IEEE 754 Machine Numbers and Machine Arithmetic

In order to make numerical programs portable between different machines, the IEEE 754 standard defines machine numbers and how arithmetic operations should be performed.

the IEEE 754 standard was officially published in 1985 with revisions in 2008, 2019
interesting history behind the standard: "battle over gradual underflow"
Virtually all current computers comply with this standard
However, for many languages and compilers there is a 'fast-math' compiler option which produces faster code by disabling some features of standard machine arithmetic (e.g. subnormal numbers).
Note that that this can lead to inaccurate results and may cause algorithms to fail.

Machine Numbers

Machine numbers consist of the following:

normalized machine numbers x = ±(1.d₁...d_n)₂ 2^e with e_min≤e≤e_max
This lets us approximate a number x with the full machine accuracy ε_M if x_min ≤ |x| ≤ x_max
subnormal numbers x = ±(0.d₁...d_n)₂ 2^e_min (this includes +0, -0)
This lets us approximate numbers x with |x| < x_min. Note that this uses fewer significant digits, depending on how many leading zeros we have in d₁...d_n.
Choosing all d_j=0 gives the two machine numbers +0 and -0. This allows to remember the sign in the case of an underflow. See below for details how operations on +0 and -0 work.
Subnormal numbers fix the problem that the distance from zero to x_min is much larger than the distance from x_min to the next larger machine number. Without subnormal numbers we can have that x>y is true, but x-y>0 is false on the computer.
special values +Inf, -Inf, NaN
+Inf and -Inf are used to represent ±∞ in case of overflow, NaN ("Not a Number") is used to represent indeterminate results like 0/0 or Inf-Inf

The most important values are

machine epsilon ε_M = 2^-n-1
This is an upper bound of the rounding error if x_min ≤ |x| ≤ x_max
largest machine number x_max = (2-2^-n)·2^e_max
If |x| ≥ (2-2^-n-1)·2^e_max we have overflow and obtain ±Inf.
smallest normalized machine number x_min = 2^e_min
If |x| < x_min subnormal numbers with lower precision are used ("gradual underflow").

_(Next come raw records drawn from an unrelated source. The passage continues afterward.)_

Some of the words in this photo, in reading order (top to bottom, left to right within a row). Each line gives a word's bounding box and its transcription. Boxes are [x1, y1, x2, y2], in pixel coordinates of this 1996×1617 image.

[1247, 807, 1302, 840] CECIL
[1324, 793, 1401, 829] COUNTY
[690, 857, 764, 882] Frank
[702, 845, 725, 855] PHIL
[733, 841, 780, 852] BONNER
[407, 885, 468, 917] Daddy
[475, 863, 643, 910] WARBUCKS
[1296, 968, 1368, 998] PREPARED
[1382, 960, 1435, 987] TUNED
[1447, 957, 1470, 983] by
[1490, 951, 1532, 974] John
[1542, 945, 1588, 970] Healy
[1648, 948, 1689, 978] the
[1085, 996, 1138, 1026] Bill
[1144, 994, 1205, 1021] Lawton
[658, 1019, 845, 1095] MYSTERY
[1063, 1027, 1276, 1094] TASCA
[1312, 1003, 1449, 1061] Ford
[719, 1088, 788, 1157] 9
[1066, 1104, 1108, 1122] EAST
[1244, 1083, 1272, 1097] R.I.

Single and Double Precision Machine Numbers

	bits	n	e_max	e_min	ε_M	x_max	x_min
Single Precision	32	23	127	-126	2^-24≈6·10^-8	≈2¹²⁸≈3·10³⁸	2^-126≈10^-38
Double Precision	64	52	1023	-1022	2^-53≈10^-16	≈2¹⁰²⁴≈2·10³⁰⁸	2^-1022≈2·10^-308

Internal Representation of Machine Numbers

Machine numbers use 1 bit for the sign, k bits for the exponent and n bits for the mantissa. They are represented as a sequence of bits (each of which is 0 or 1) as follows:

s e₁ ... e_k d₁ ... d_n

For single precision numbers we have n=23, k=8.

For double precision numbers we have n=52, k=11.

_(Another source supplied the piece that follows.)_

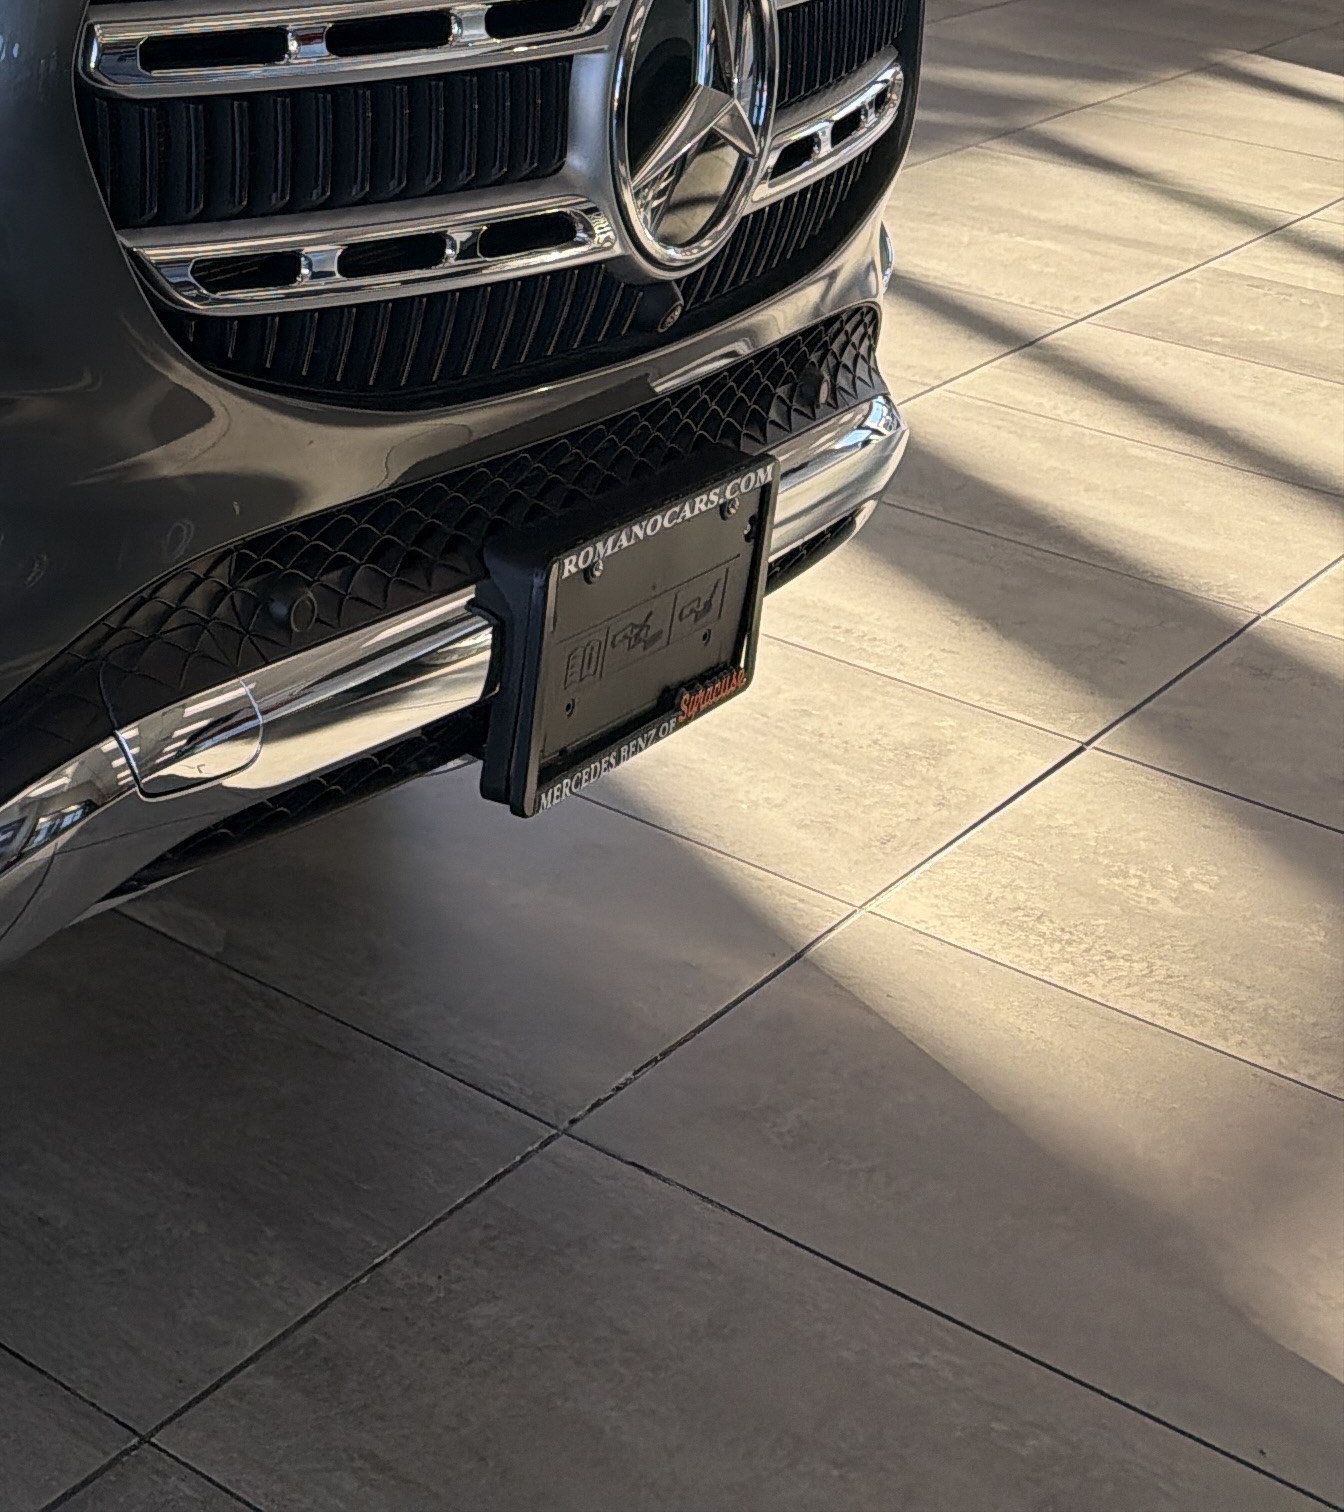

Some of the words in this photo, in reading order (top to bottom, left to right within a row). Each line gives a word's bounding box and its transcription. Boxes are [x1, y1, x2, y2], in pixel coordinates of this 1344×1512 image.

The sign is "+" for s=0 and "-" for s=1.

The exponent is obtained as e = (e₁ ... e_k )₂ - b where b = 2^k-1-1. The largest and smallest values of e are used to represent special values. Hence the smallest remaining value is e_min = 1 - b = 2 - 2^k-1, the largest remaining value is e_max = 2^k - 2 - b = 2^k-1 - 1.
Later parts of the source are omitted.